Dataset entries
Segment Open
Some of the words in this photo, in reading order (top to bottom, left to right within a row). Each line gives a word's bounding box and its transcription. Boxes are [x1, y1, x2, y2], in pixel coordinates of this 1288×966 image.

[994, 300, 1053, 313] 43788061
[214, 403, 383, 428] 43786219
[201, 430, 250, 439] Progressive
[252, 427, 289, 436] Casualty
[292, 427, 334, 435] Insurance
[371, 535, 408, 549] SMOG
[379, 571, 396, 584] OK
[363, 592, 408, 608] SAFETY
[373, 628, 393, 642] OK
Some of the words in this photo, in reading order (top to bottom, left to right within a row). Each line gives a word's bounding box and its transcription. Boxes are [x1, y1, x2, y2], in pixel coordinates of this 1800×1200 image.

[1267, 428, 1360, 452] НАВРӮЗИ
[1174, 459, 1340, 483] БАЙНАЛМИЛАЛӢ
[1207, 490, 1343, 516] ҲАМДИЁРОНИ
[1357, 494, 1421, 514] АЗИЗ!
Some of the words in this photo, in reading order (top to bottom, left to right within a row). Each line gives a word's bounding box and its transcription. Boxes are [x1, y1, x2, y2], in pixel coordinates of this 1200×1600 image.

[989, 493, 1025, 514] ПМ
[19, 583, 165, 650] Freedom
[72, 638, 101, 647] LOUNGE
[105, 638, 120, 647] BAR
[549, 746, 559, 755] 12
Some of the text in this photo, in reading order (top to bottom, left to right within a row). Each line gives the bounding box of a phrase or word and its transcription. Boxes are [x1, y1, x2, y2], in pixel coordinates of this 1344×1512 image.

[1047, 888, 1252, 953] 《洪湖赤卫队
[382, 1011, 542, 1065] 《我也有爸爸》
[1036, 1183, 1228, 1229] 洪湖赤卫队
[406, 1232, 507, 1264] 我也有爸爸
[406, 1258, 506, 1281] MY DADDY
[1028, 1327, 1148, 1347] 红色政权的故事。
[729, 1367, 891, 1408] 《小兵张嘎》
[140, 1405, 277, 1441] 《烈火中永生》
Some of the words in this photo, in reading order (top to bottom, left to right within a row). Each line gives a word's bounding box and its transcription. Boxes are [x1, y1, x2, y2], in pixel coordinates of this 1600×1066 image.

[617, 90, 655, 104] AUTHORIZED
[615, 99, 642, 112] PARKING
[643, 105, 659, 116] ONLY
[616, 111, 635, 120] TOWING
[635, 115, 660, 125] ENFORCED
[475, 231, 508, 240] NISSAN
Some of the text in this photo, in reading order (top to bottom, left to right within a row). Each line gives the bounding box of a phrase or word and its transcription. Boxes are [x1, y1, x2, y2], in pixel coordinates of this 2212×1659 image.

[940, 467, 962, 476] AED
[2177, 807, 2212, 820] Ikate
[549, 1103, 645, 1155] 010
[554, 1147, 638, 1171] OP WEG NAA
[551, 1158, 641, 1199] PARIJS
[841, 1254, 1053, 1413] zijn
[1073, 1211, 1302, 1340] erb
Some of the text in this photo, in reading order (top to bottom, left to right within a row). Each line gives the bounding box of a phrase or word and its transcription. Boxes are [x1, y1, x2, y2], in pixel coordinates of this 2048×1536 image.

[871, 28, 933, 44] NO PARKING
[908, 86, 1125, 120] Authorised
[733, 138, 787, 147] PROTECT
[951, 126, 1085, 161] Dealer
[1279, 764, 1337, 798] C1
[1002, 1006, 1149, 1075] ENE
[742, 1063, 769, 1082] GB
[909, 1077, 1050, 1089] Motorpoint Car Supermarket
Segment Closed
What you are asked to do >> Write out, exactly as they appear, the lines from the one containing "this 2048×1536 image." through the last line of the records above, both included, and nothing more.

Response area >>
Some of the text in this photo, in reading order (top to bottom, left to right within a row). Each line gives the bounding box of a phrase or word and its transcription. Boxes are [x1, y1, x2, y2], in pixel coordinates of this 2048×1536 image.

[871, 28, 933, 44] NO PARKING
[908, 86, 1125, 120] Authorised
[733, 138, 787, 147] PROTECT
[951, 126, 1085, 161] Dealer
[1279, 764, 1337, 798] C1
[1002, 1006, 1149, 1075] ENE
[742, 1063, 769, 1082] GB
[909, 1077, 1050, 1089] Motorpoint Car Supermarket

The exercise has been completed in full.